L’uomo non rispose subito, poi mormorò mortificato –Ecco ragazzo mio, a questo proposito, per oggi salta tutto, non riesco a venire-
Quelle parole schiacciarono Sam come se si fossero trattate di enormi macigni. Non era vero. Non poteva essere vero. Erano settimane che avevano in programma quella cosa! Di sicuro era uno scherzo, un brutto scherzo.
-Come sarebbe che non riesci a venire?- riuscì a formulare Sam, tra l’incredulo e l’infastidito.
-Mi dispiace veramente tanto, ma mi hanno chiamato all’improvviso e devo correre subito in riunione per...- fece per terminare la frase, ma una voce acuta e stridula in lontananza lo interrupe –Allora Tom! Quanto ci metti!? Il film non aspetta noi, avanti muoviti!-
Ne seguì un lungo e imbarazzante silenzio. Sam fissava un punto nel vuoto e il resto della famiglia fissava lui, in attesa.

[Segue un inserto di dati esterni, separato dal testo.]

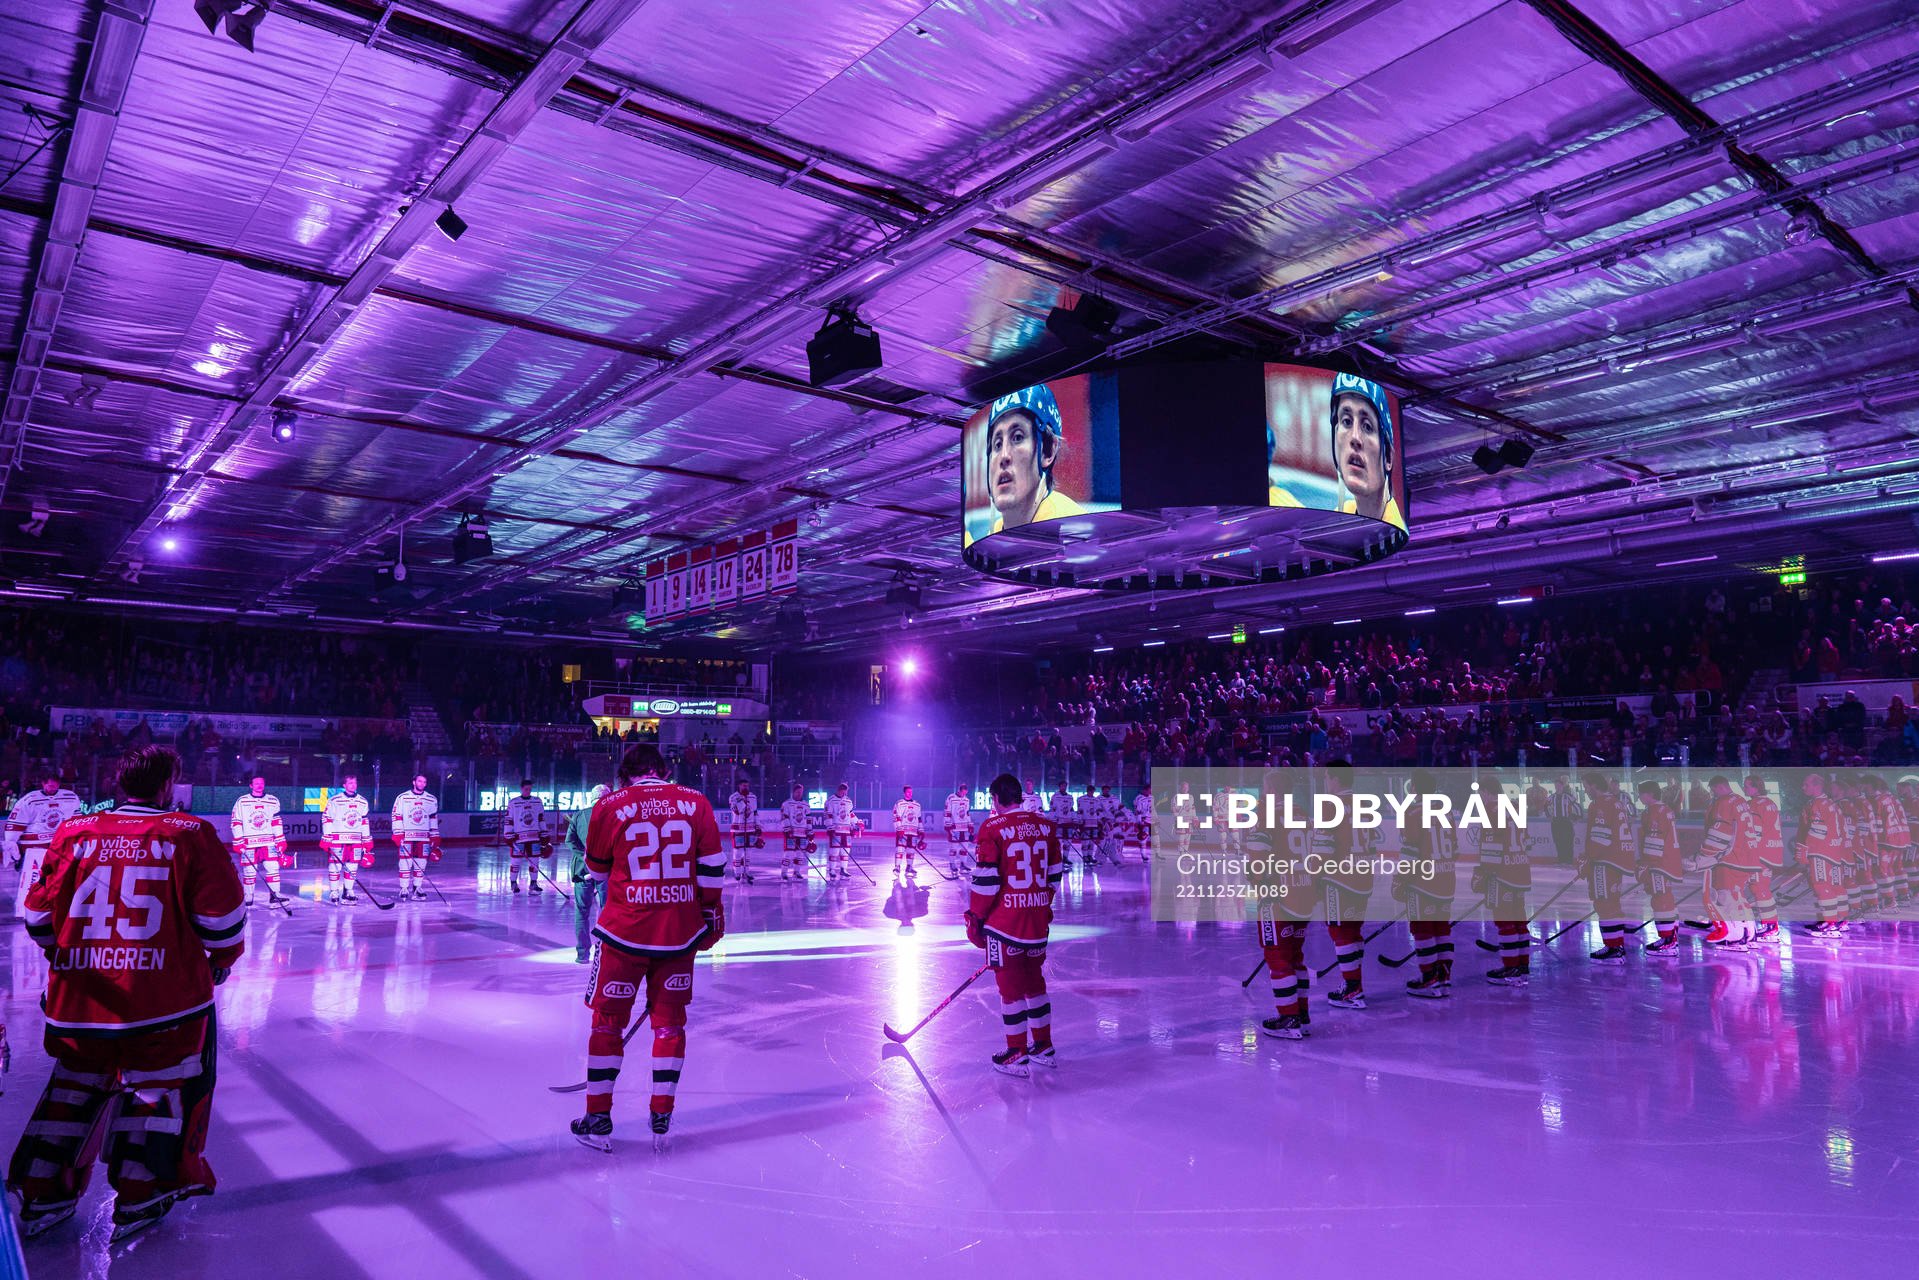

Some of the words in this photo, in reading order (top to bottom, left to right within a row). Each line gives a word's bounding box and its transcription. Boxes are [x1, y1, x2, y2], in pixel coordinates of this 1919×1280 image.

[745, 552, 763, 583] 24
[775, 543, 794, 574] 78
[694, 568, 707, 596] 14
[719, 561, 733, 590] 17
[652, 582, 657, 607] 1
[672, 575, 681, 601] 9
[639, 798, 670, 808] wibe
[641, 806, 677, 820] group
[65, 815, 99, 828] clean
[1016, 822, 1036, 832] wibe
[101, 836, 141, 849] wibe
[1018, 829, 1041, 841] group
[98, 848, 148, 863] group
[624, 820, 693, 881] 22
[1006, 840, 1049, 890] 33
[69, 865, 170, 941] 45
[626, 884, 695, 904] CARLSSON
[53, 947, 166, 971] LJUNGGREN
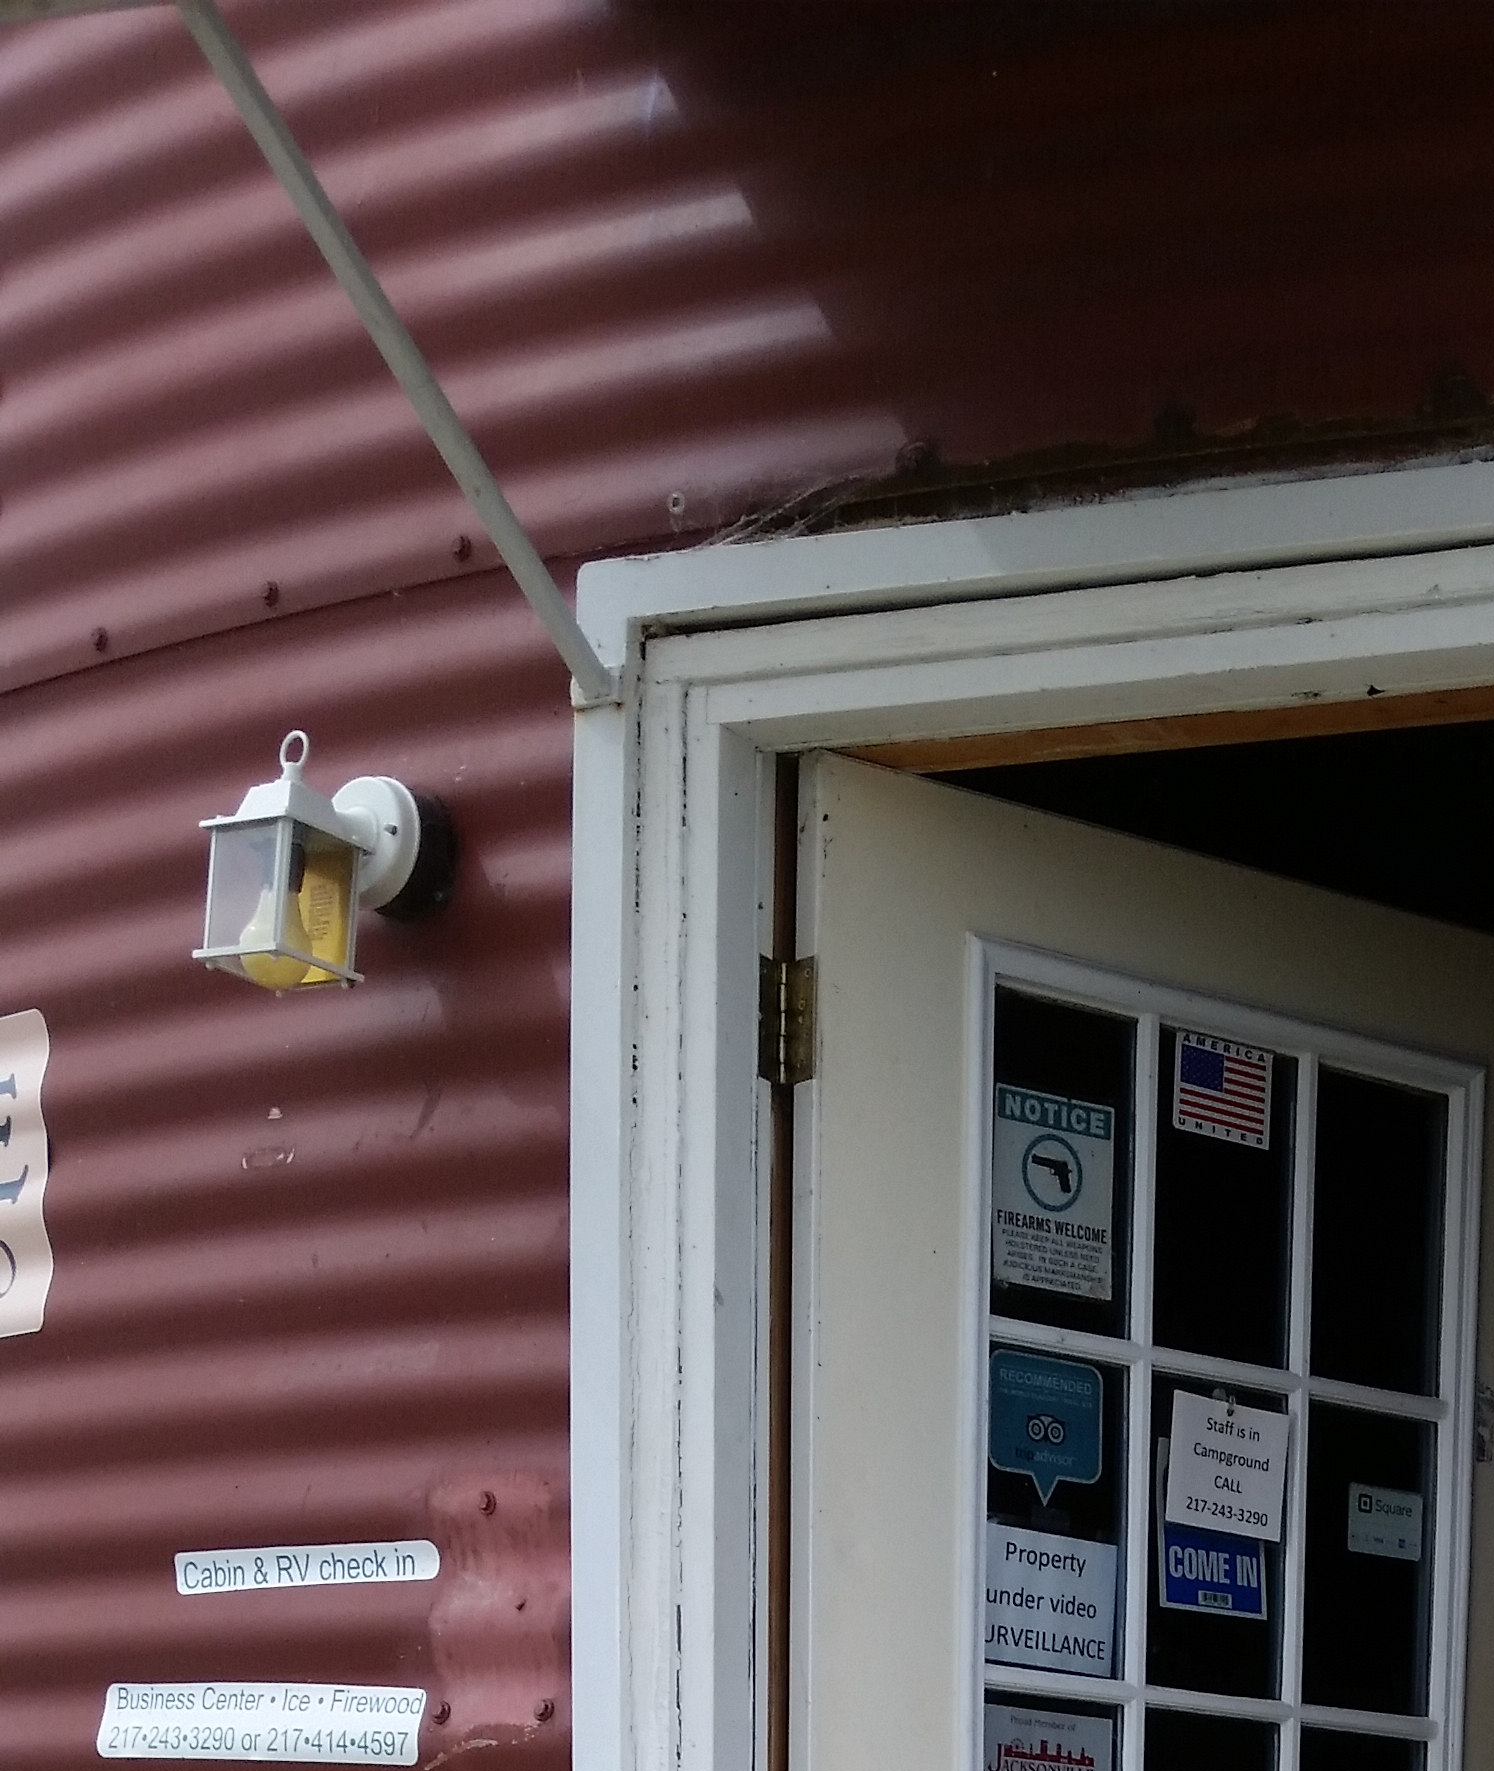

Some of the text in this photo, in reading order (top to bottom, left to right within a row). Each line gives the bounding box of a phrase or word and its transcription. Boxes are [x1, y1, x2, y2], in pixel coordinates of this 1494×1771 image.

[1183, 1034, 1266, 1062] AMERICA
[1005, 1093, 1105, 1136] NOTICE
[1179, 1117, 1263, 1145] UNITED
[997, 1209, 1107, 1244] FIREARMS WELCOME
[1000, 1368, 1092, 1395] RECOMMENDED
[1206, 1417, 1260, 1442] Staff is in
[1016, 1446, 1074, 1465] tripadvisor
[1193, 1442, 1270, 1472] Campground
[1214, 1475, 1243, 1494] CALL
[1186, 1496, 1268, 1527] 217-243-3290
[1375, 1499, 1412, 1518] Square
[184, 1548, 415, 1589] Cabin & RV check in
[1005, 1541, 1087, 1578] Property
[1169, 1545, 1258, 1588] COME IN
[986, 1587, 1097, 1619] under video
[985, 1624, 1106, 1660] URVEILLANCE
[117, 1687, 424, 1715] Business Center Ice Firewood
[1034, 1717, 1065, 1730] Member
[1067, 1724, 1076, 1732] of
[241, 1731, 260, 1751] or

-Tsk, vedo quanto sei impegnato- commentò poi il ragazzo carico di amarezza –Vai, che il film inizia- e detto questo gli sbatté il telefono in faccia.
Il ragazzo  si abbandonò sullo schienale del divano, con lo sguardo perso. Nessuno osava dire una sola parola, si sentiva solo il ticchettio dell’orologio. Amber, Holly e la madre si scambiarono numerose occhiate, ma quando la donna provò a dire qualcosa al ragazzo, lui si alzò di scatto in piedi -Io esco- dichiarò apatico, tagliandole ogni parola.
-Sam...- mormorò lei, cercando di posargli una mano sulla spalla.
-Lasciami- ringhiò il giovane, divincolandosi con uno strattone. Afferrò una giacca dall’attaccapanni e uscì sbattendo la porta.
Se le giornate precedenti erano state limpide e luminose, quel giorno del sole non se ne vedeva neppure l’ombra, nascosto com’era da enormi nuvole grigie, che tutte ammassate andavano a creare un sorta di cappa soffocante. Nell’aria c’era odore di pioggia e una lieve nebbiolina si innalzava dai marciapiedi. Non assomigliava neanche lontanamente ad un 23 di Marzo, al massimo al 23 di Ottobre.  Perlomeno si intonava perfettamente all’umore di Sam. Deluso, amareggiato, incollerito, rattristato e...dimenticato. Ecco, come si sentiva. Gli costava (e gli doleva) ammetterlo, ma in quel caso Amber aveva sempre avuto ragione: al padre non importava niente di loro, anzi, forse non gli era mai importato, se ne rendeva conto solo adesso. Solo un’egoista menefreghista poteva comportarsi in quel modo e suo padre ne era stato l’esempio lampante. Non gli avrebbe più rivolto la parola, che solo provasse a cercarlo: gli avrebbe sbattuto il telefono in faccia esattamente come quel giorno.  
Calciò con ira un sassolino, imprecando. Possibile che le cose gli andassero sempre male e che ci fosse sempre un motivo per arrabbiarsi? Prima tutte le angherie dei Dark (che tutt’ora  continuavano), poi Holly ed infine suo padre.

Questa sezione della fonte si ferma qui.